Task prompt:
Each line of the data below should be restated exactly, with images left out.

=== Begin Enclosure ===

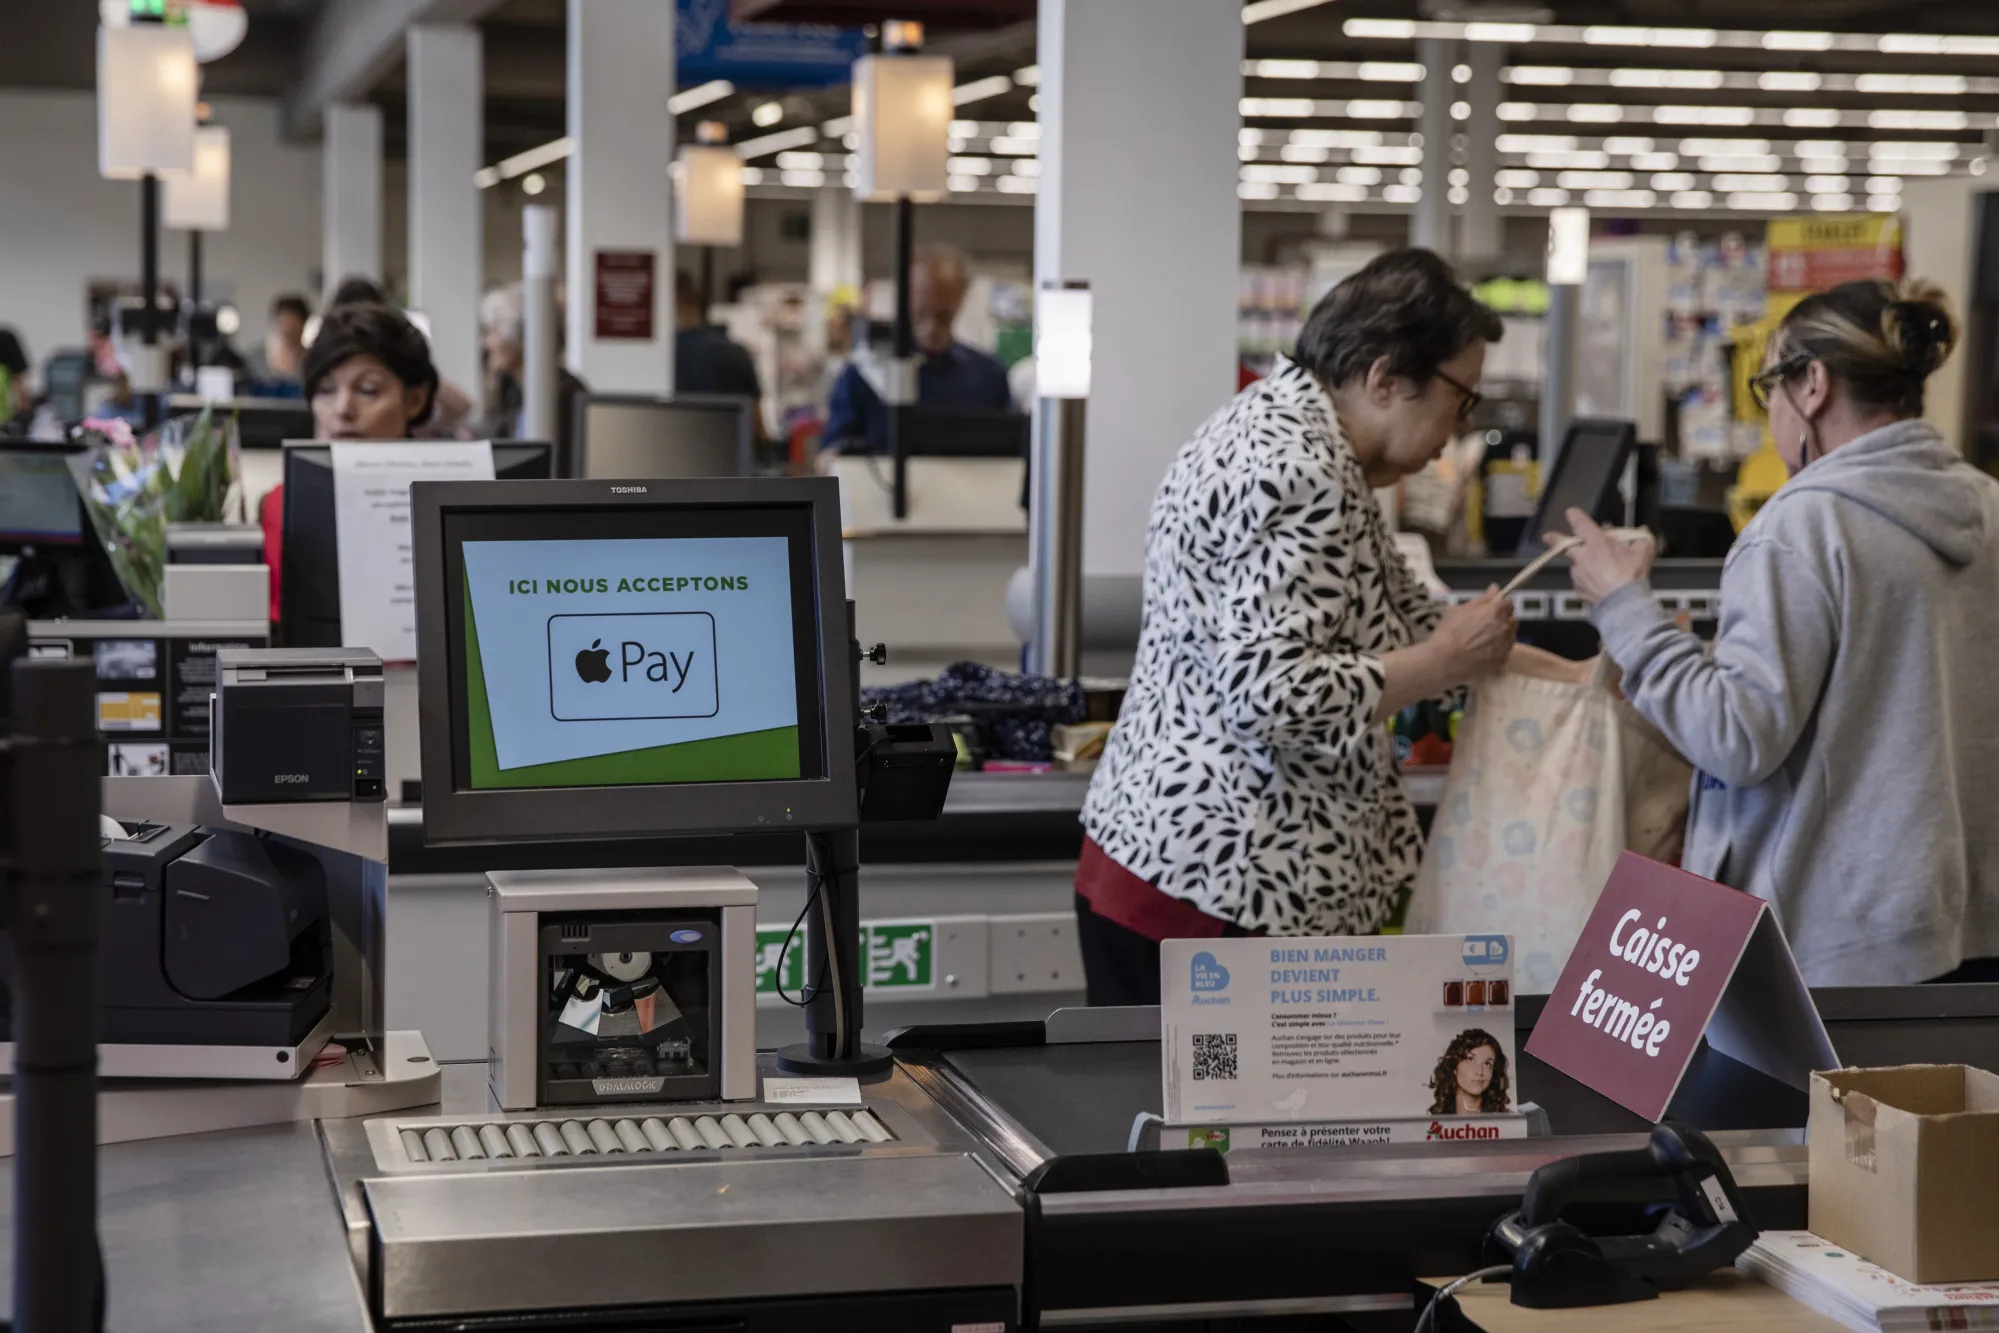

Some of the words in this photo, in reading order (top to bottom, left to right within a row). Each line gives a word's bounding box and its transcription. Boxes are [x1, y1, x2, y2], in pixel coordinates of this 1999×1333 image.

[610, 486, 648, 494] TOSHIBA
[509, 579, 538, 594] ICI
[546, 578, 609, 594] NOUS
[616, 575, 749, 593] ACCEPTONS
[621, 641, 695, 694] Pay
[274, 774, 309, 784] EPSON
[1609, 908, 1700, 987] Caisse
[1270, 949, 1308, 963] BIEN
[1314, 948, 1387, 962] MANGER
[1270, 969, 1340, 983] DEVIENT
[1191, 994, 1231, 1006] Auchan
[1270, 989, 1312, 1004] PLUS
[1316, 988, 1380, 1003] SIMPLE.
[1271, 1012, 1310, 1020] Consommer
[1570, 968, 1671, 1057] fermée
[1288, 1020, 1310, 1029] simple
[1346, 1032, 1372, 1041] produits
[1373, 1033, 1387, 1041] pour
[1271, 1042, 1309, 1050] composition
[1331, 1041, 1352, 1049] qualité
[1313, 1049, 1339, 1057] produits
[1340, 1048, 1378, 1056] sélectionnés
[1281, 1059, 1307, 1067] magasin
[1261, 1128, 1298, 1138] Pensez
[1300, 1127, 1307, 1136] à
[1310, 1126, 1360, 1138] présenter
[1363, 1126, 1391, 1135] votre
[1426, 1121, 1499, 1140] Auchan
[1261, 1140, 1288, 1149] carte
[1291, 1139, 1304, 1148] de
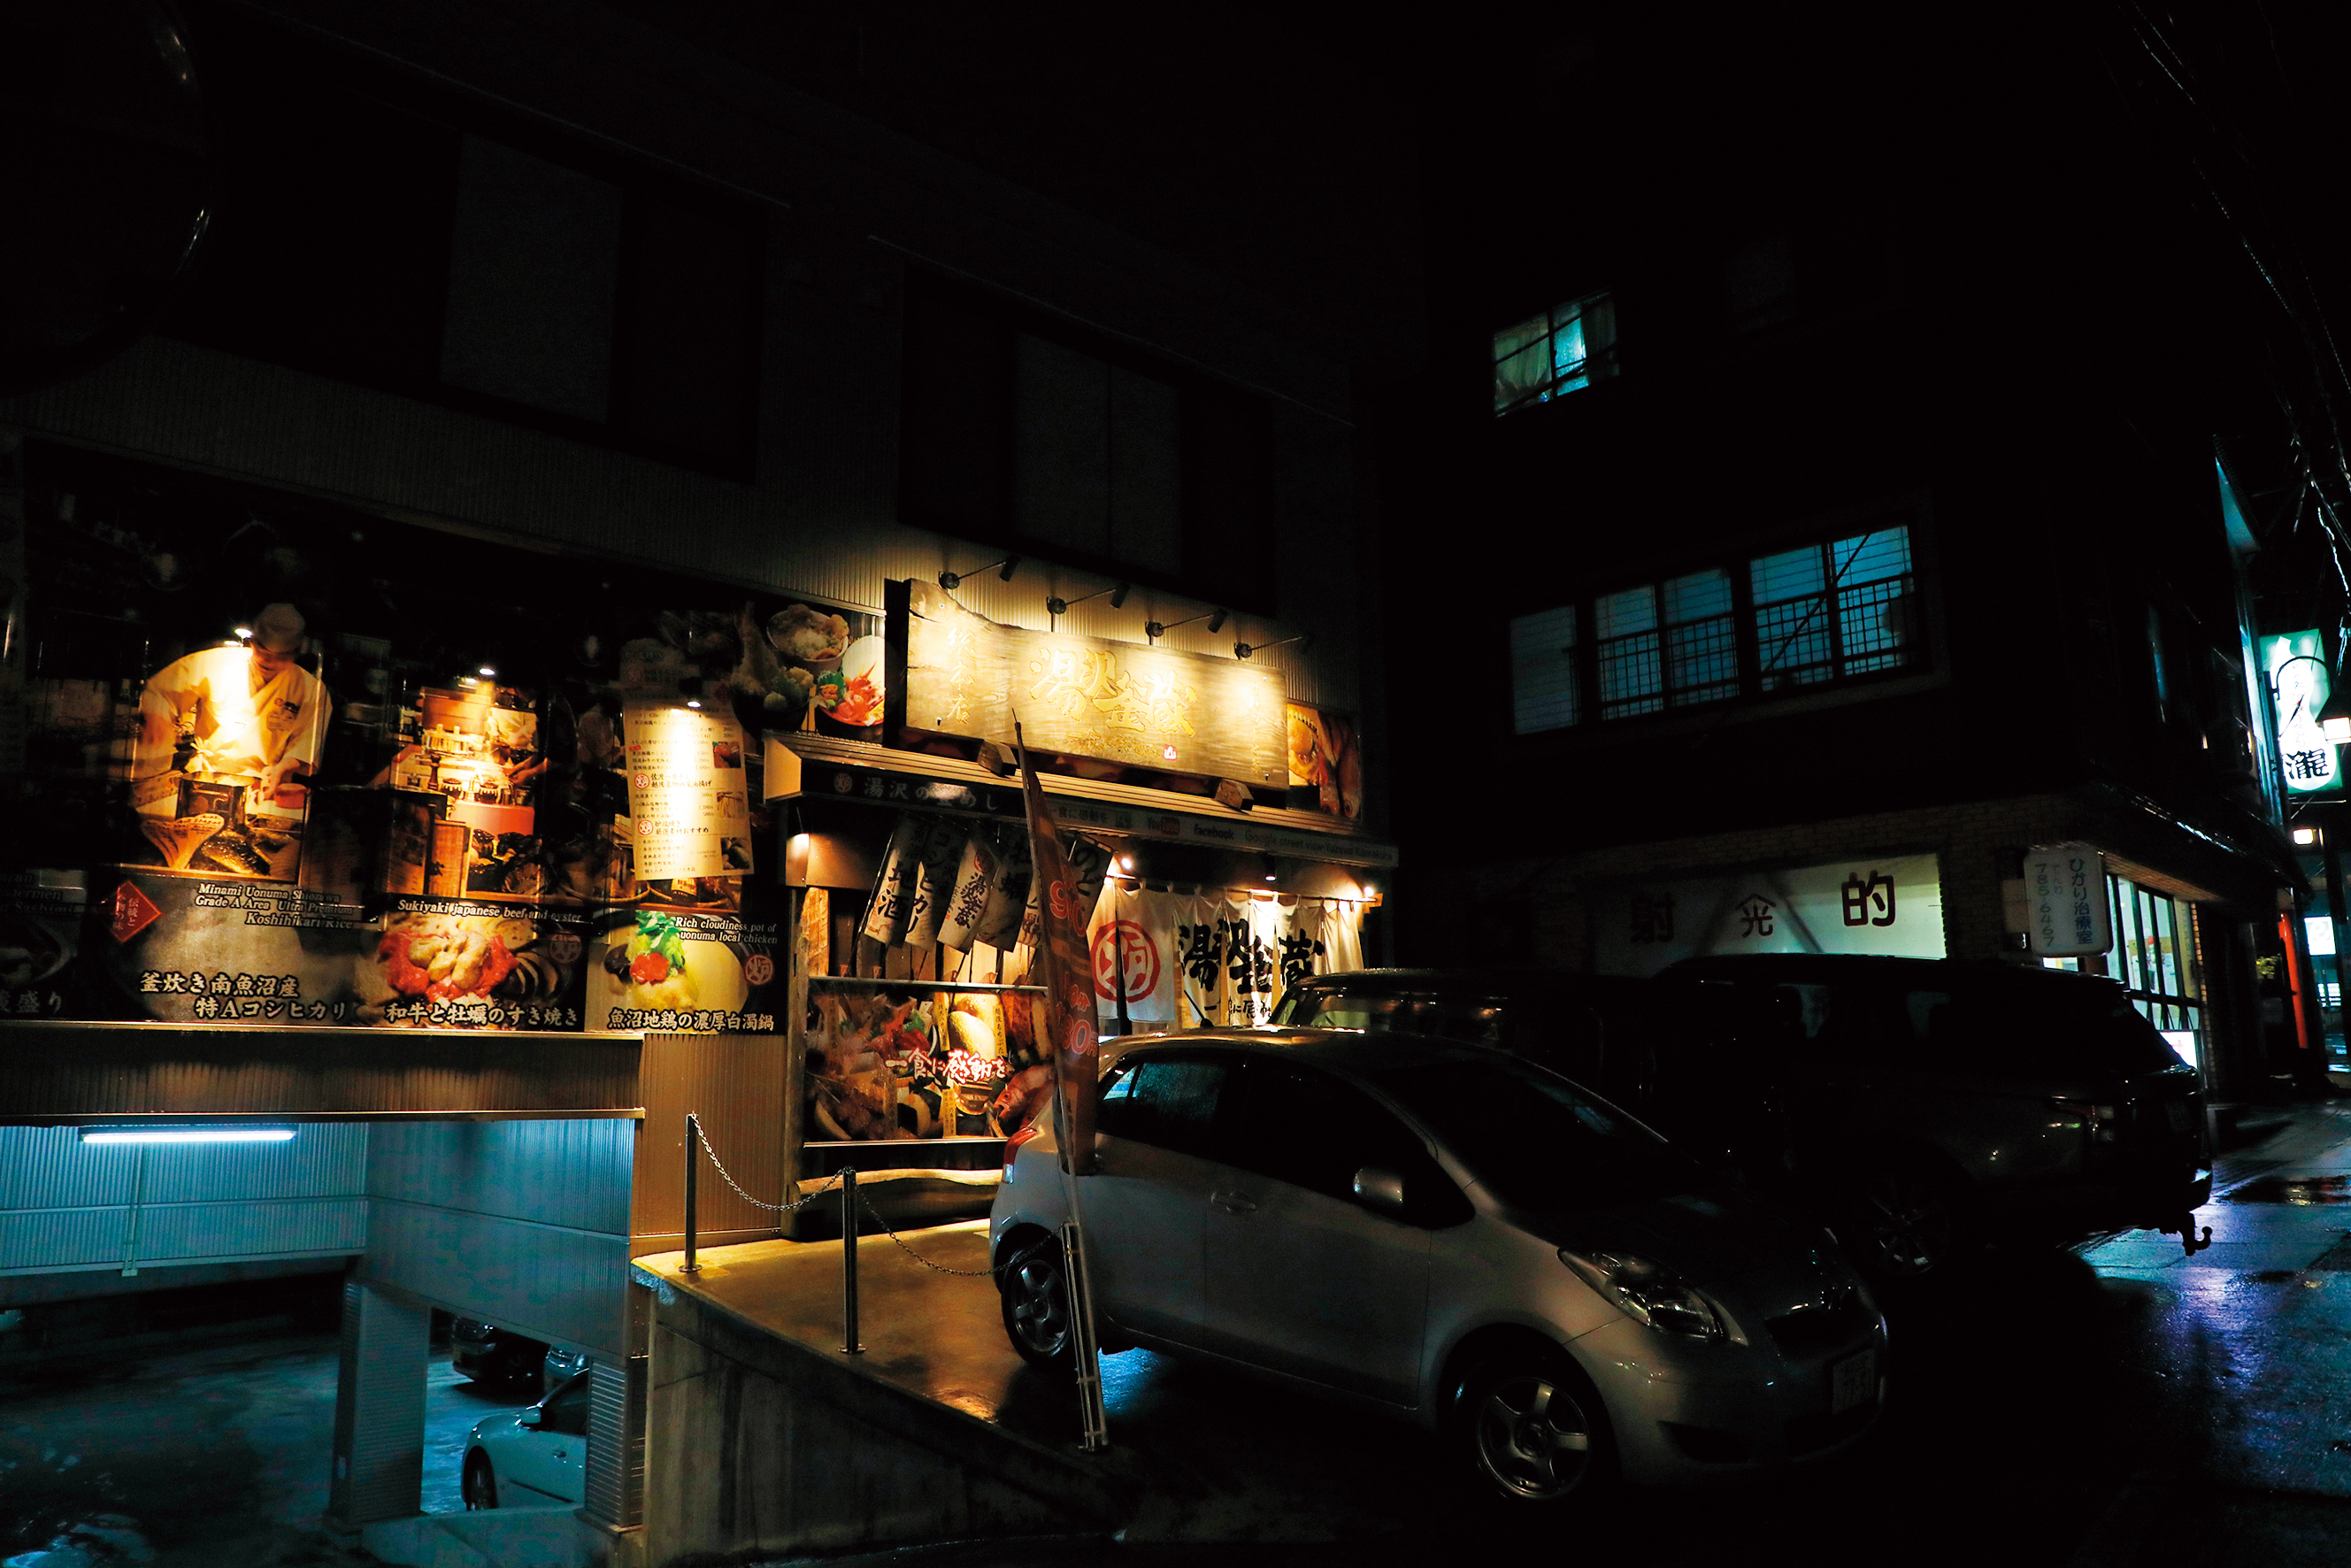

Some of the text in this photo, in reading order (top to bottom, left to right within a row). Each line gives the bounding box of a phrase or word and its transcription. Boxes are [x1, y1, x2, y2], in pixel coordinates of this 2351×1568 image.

[864, 775, 999, 811] 湯沢のめし
[1195, 823, 1235, 842] facebook
[1244, 829, 1276, 848] Google
[198, 881, 340, 903] Minami Uonuma Shiozawa
[878, 861, 918, 922] 地酒
[2069, 857, 2093, 945] ひかり治療室
[195, 895, 354, 915] Grade A Area Ultra Premium
[397, 898, 582, 924] Sukiyaki japanese beef and oyster
[1630, 890, 1677, 944] 射
[1840, 869, 1896, 927] 的
[245, 911, 353, 929] Koshihikari Rice
[675, 916, 778, 934] Rich cloudiness pot of
[680, 931, 779, 945] uonuma local chicken
[140, 970, 301, 999] 釜炊き南魚沼産
[194, 995, 348, 1021] 特Aコシヒカリ
[385, 1002, 578, 1028] 和牛と牡蠣のすき焼き
[608, 1007, 775, 1032] 魚沼地鶏の濃厚白濁鍋
[885, 1047, 1007, 1086] 一食に感動を

=== End Enclosure ===

Task output:
Some of the words in this photo, in reading order (top to bottom, left to right within a row). Each line gives a word's bounding box and its transcription. Boxes are [x1, y1, x2, y2], in pixel coordinates of this 1999×1333 image.

[610, 486, 648, 494] TOSHIBA
[509, 579, 538, 594] ICI
[546, 578, 609, 594] NOUS
[616, 575, 749, 593] ACCEPTONS
[621, 641, 695, 694] Pay
[274, 774, 309, 784] EPSON
[1609, 908, 1700, 987] Caisse
[1270, 949, 1308, 963] BIEN
[1314, 948, 1387, 962] MANGER
[1270, 969, 1340, 983] DEVIENT
[1191, 994, 1231, 1006] Auchan
[1270, 989, 1312, 1004] PLUS
[1316, 988, 1380, 1003] SIMPLE.
[1271, 1012, 1310, 1020] Consommer
[1570, 968, 1671, 1057] fermée
[1288, 1020, 1310, 1029] simple
[1346, 1032, 1372, 1041] produits
[1373, 1033, 1387, 1041] pour
[1271, 1042, 1309, 1050] composition
[1331, 1041, 1352, 1049] qualité
[1313, 1049, 1339, 1057] produits
[1340, 1048, 1378, 1056] sélectionnés
[1281, 1059, 1307, 1067] magasin
[1261, 1128, 1298, 1138] Pensez
[1300, 1127, 1307, 1136] à
[1310, 1126, 1360, 1138] présenter
[1363, 1126, 1391, 1135] votre
[1426, 1121, 1499, 1140] Auchan
[1261, 1140, 1288, 1149] carte
[1291, 1139, 1304, 1148] de

Some of the text in this photo, in reading order (top to bottom, left to right within a row). Each line gives the bounding box of a phrase or word and its transcription. Boxes are [x1, y1, x2, y2], in pixel coordinates of this 2351×1568 image.

[864, 775, 999, 811] 湯沢のめし
[1195, 823, 1235, 842] facebook
[1244, 829, 1276, 848] Google
[198, 881, 340, 903] Minami Uonuma Shiozawa
[878, 861, 918, 922] 地酒
[2069, 857, 2093, 945] ひかり治療室
[195, 895, 354, 915] Grade A Area Ultra Premium
[397, 898, 582, 924] Sukiyaki japanese beef and oyster
[1630, 890, 1677, 944] 射
[1840, 869, 1896, 927] 的
[245, 911, 353, 929] Koshihikari Rice
[675, 916, 778, 934] Rich cloudiness pot of
[680, 931, 779, 945] uonuma local chicken
[140, 970, 301, 999] 釜炊き南魚沼産
[194, 995, 348, 1021] 特Aコシヒカリ
[385, 1002, 578, 1028] 和牛と牡蠣のすき焼き
[608, 1007, 775, 1032] 魚沼地鶏の濃厚白濁鍋
[885, 1047, 1007, 1086] 一食に感動を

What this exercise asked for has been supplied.